Economic News

Economic News

Conference Board: Economic Confidence Up (a Little)

The Conference Board today: The Conference Board Consumer Confidence Index® improved by 2.0 points in July to 97.2 (1985=100), from 95.2 in June (revised up by 2.2 points). The Present Situation Index—based on consumers’ assessment of current business and labor market conditions—fell 1.5 points to 131.5. The Expectations Index—based on consumers’ short-term outlook for income, business, and labor market conditions—rose 4.5 points to 74.4. But expectations remained below the threshold of 80 that typically signals a recession ahead for the sixth consecutive month. The cutoff date for preliminary results was July 20, 2025. “Consumer confidence has stabilized since May, rebounding from April’s plunge, but remains below last year’s heady levels,”  … Figure 1 shows the Conference Board’s measure vs. the MIchigan measure, and a text based news sentiment index.

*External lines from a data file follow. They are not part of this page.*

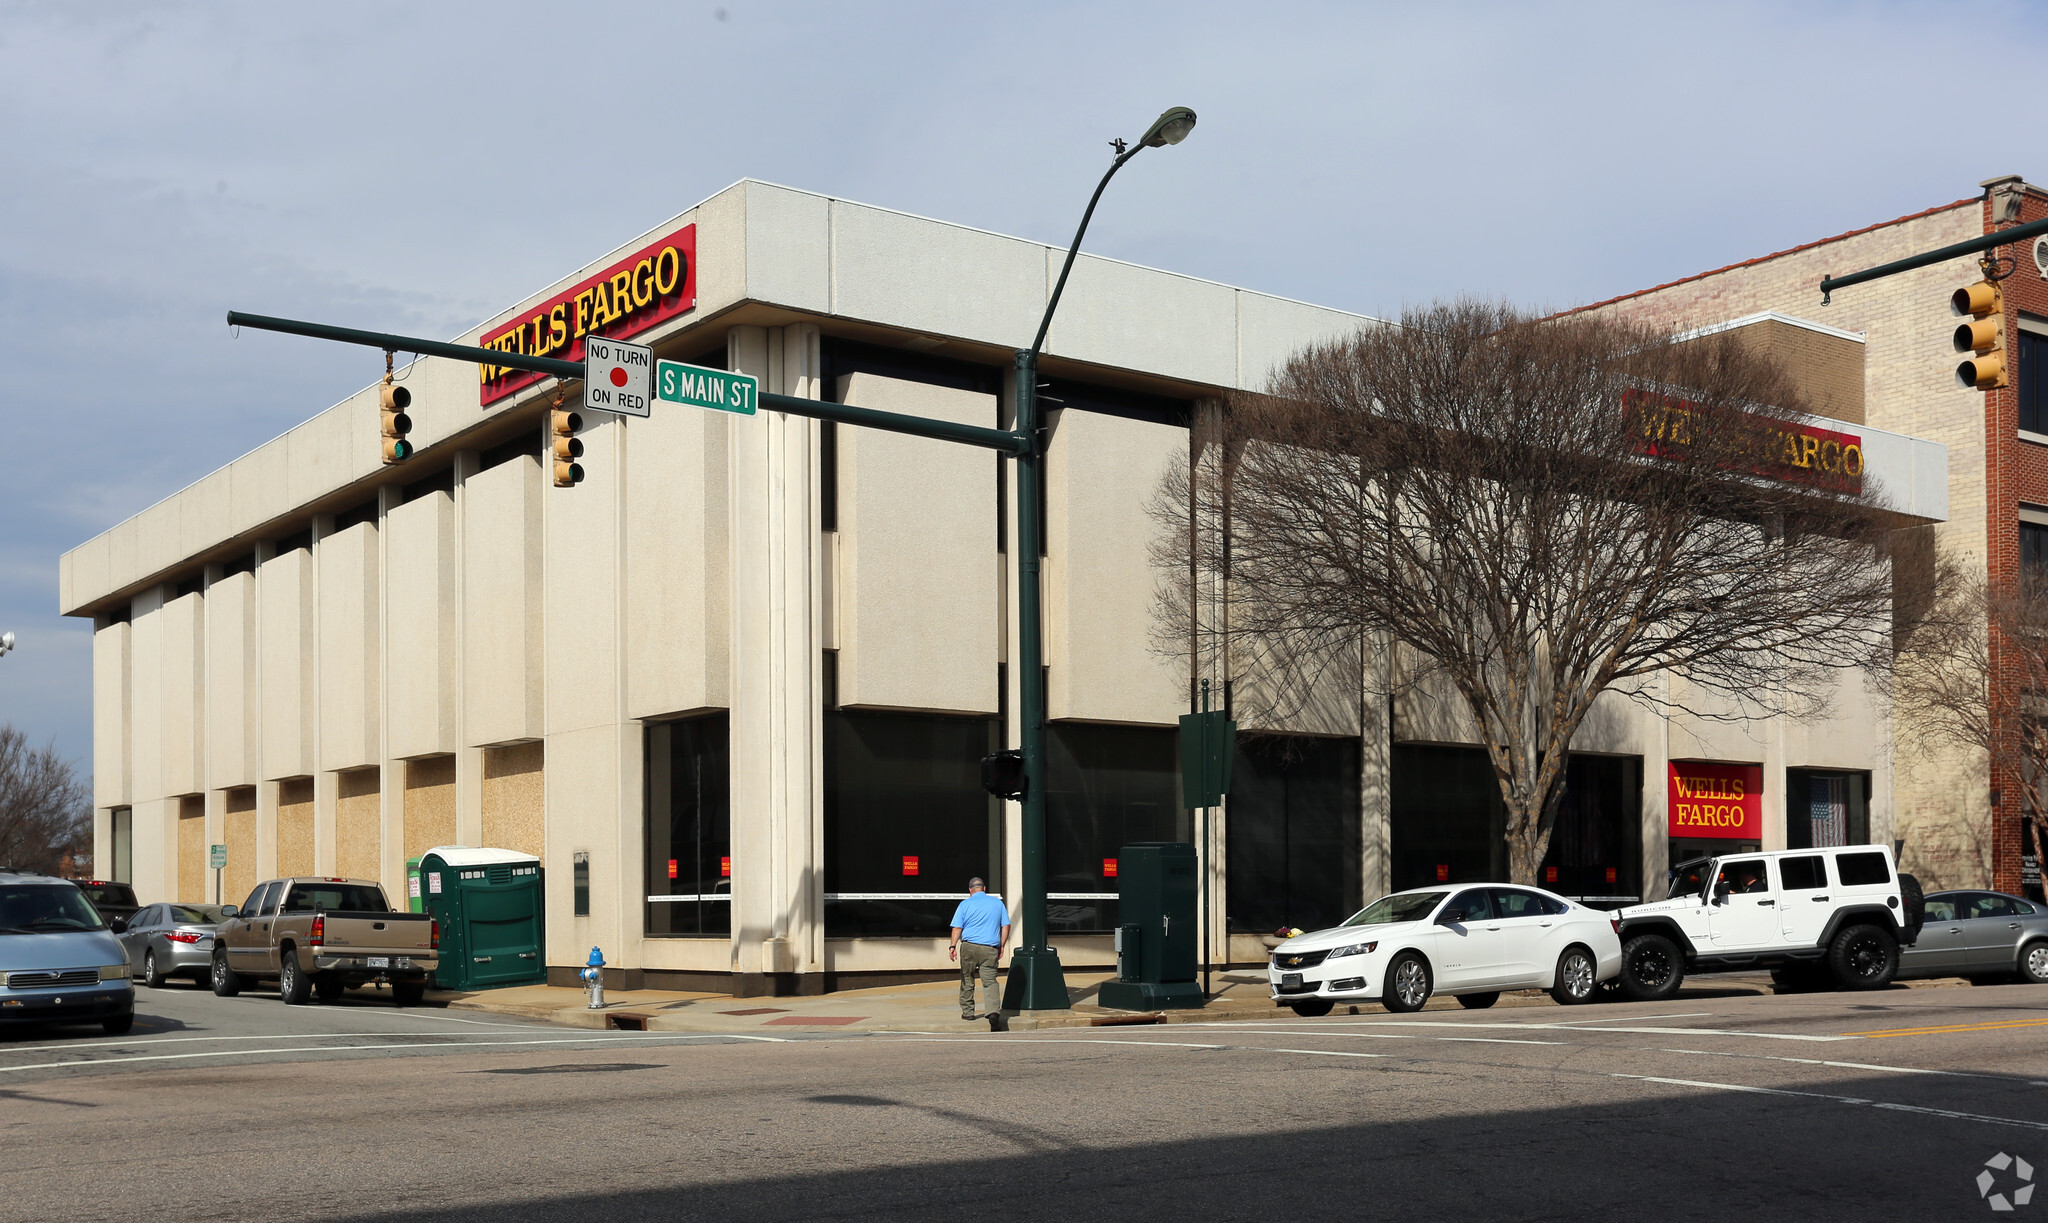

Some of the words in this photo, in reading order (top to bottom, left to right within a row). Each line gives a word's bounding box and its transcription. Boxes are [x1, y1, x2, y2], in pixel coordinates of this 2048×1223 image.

[479, 302, 567, 384] WELLS
[574, 246, 679, 338] FARGO
[591, 344, 609, 360] NO
[615, 348, 648, 367] TURN
[592, 389, 610, 404] ON
[618, 393, 644, 409] RED
[664, 369, 675, 395] S
[681, 372, 725, 404] MAIN
[731, 381, 752, 408] ST
[1674, 776, 1744, 801] WELLS
[1676, 803, 1745, 827] FARGO
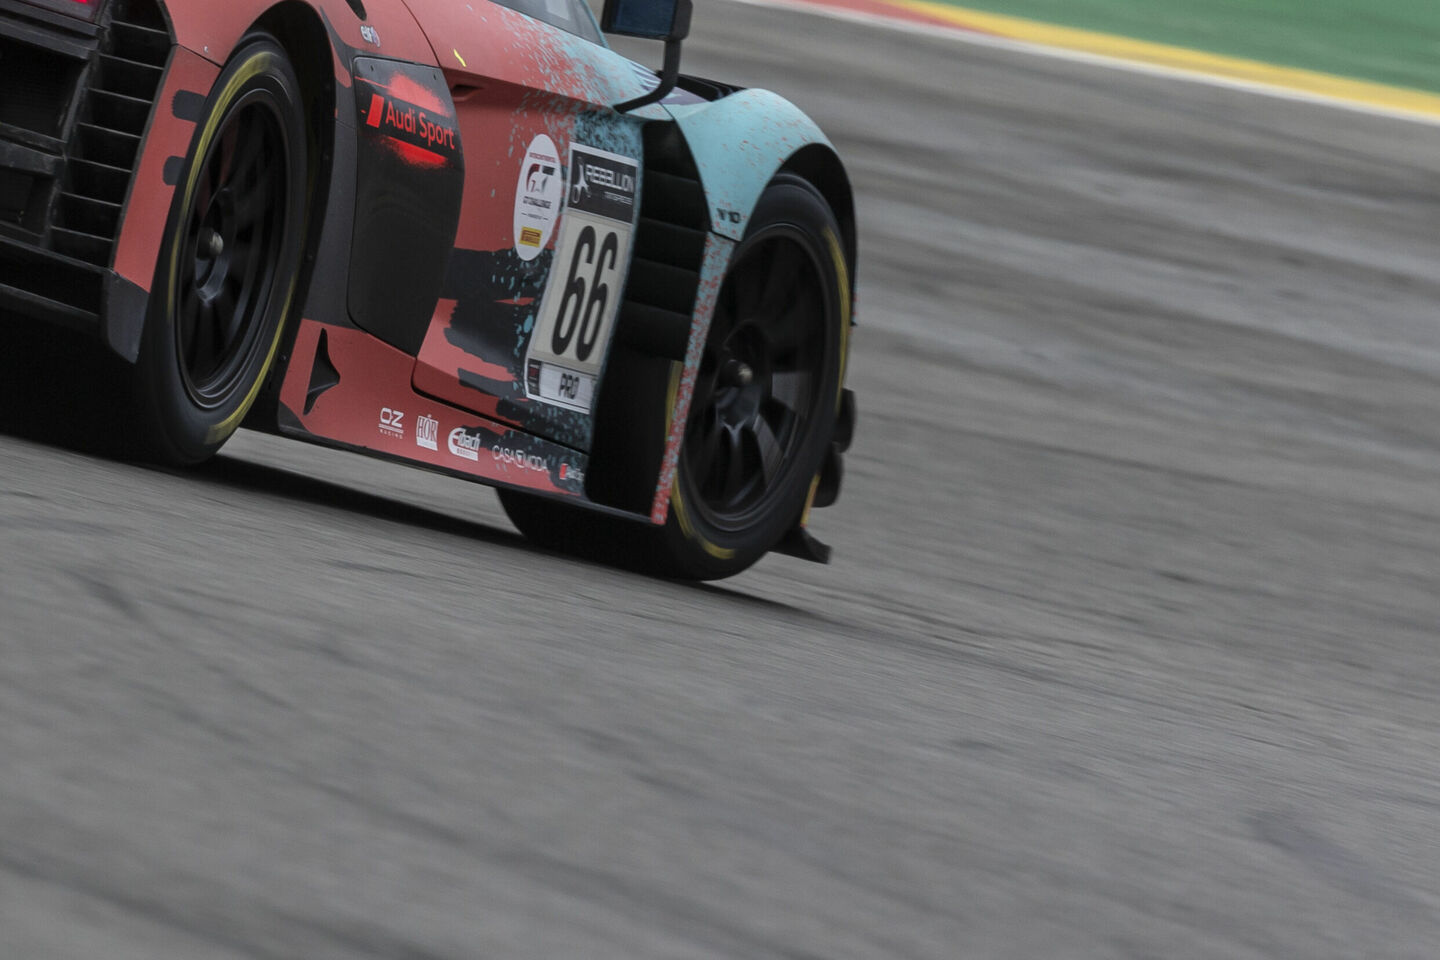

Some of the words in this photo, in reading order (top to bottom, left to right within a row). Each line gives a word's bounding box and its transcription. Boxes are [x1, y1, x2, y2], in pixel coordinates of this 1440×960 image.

[385, 100, 416, 135] Audi
[419, 113, 455, 150] Sport
[585, 163, 634, 193] REBELLION
[551, 225, 619, 362] 66
[559, 372, 580, 400] PRO
[380, 407, 404, 428] OZ
[492, 444, 515, 464] CASA
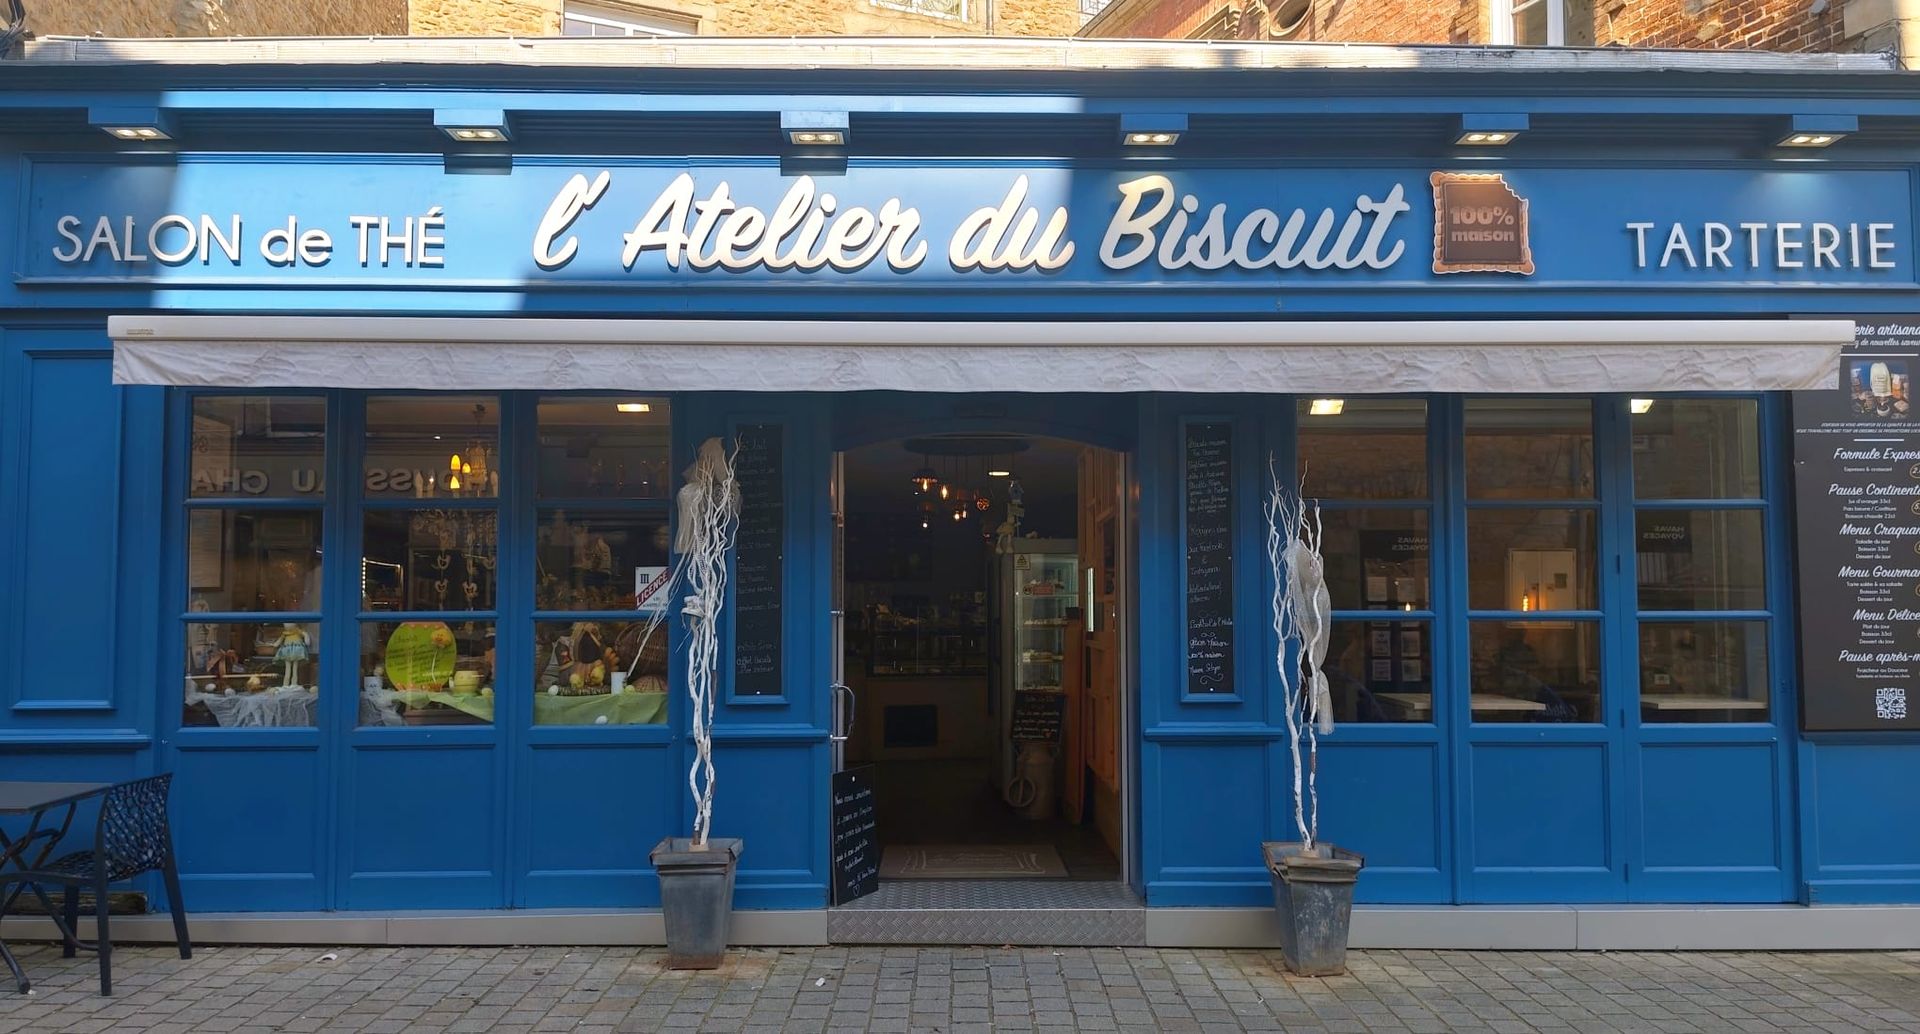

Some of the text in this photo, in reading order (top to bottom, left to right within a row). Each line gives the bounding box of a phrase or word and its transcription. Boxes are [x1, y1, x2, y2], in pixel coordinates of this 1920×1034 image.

[533, 170, 1411, 271] l' Atelier du Biscuit
[1449, 204, 1515, 227] 100%
[52, 206, 446, 266] SALON de THÉ
[1450, 228, 1515, 243] maison
[1626, 222, 1897, 269] TARTERIE
[1870, 338, 1899, 346] nouvelles
[1833, 447, 1881, 460] Formule
[1828, 483, 1920, 496] Pause Continent
[1839, 523, 1872, 536] Menu
[1838, 566, 1870, 578] Menu
[640, 574, 650, 584] III
[636, 570, 669, 607] LICENCE
[1852, 609, 1885, 621] Menu
[1838, 650, 1874, 662] Pause

Figure 1: University of Michigan Consumer Sentiment (blue), Conference Board Consumer Confidence (tan), and Shapiro, Sudhof and Wilson (2020) SF Daily News Sentiment Index (light green) , all demeaned and normalized by standard deviation (for the 2021-2025M02 sample period); and Shapiro, Sudhof and Wilson (2020) SF Daily News Sentiment Index (black, right scale). The News Index observation for July is through 7/27/2025. Orange shading denotes Trump 2.0 administration. Orange dashed line at “Liberation Day” in 2025M04. Source: U.Mich via FRED, Conference Board via Investing.com, SF Fed, and author’s calculations. The Conference Board measure is TWO standard deviations lower than November 2024, and ONE standard deviation below January 2025. Note the distinction between current conditions vs. expected. Source: Conference Board, accessed 7/29/2025. As CB observes, the expectations measure remains below the recession threshold. Finally, as for individual households’ views regarding their own expected situation in the future, this figure is relevant. Source: Conference Board, accessed 7/29/2025. While the “better”-“worse” differential has shifted to slightly more positive relative the nadir in April, it is substantially below the January 2025 high point.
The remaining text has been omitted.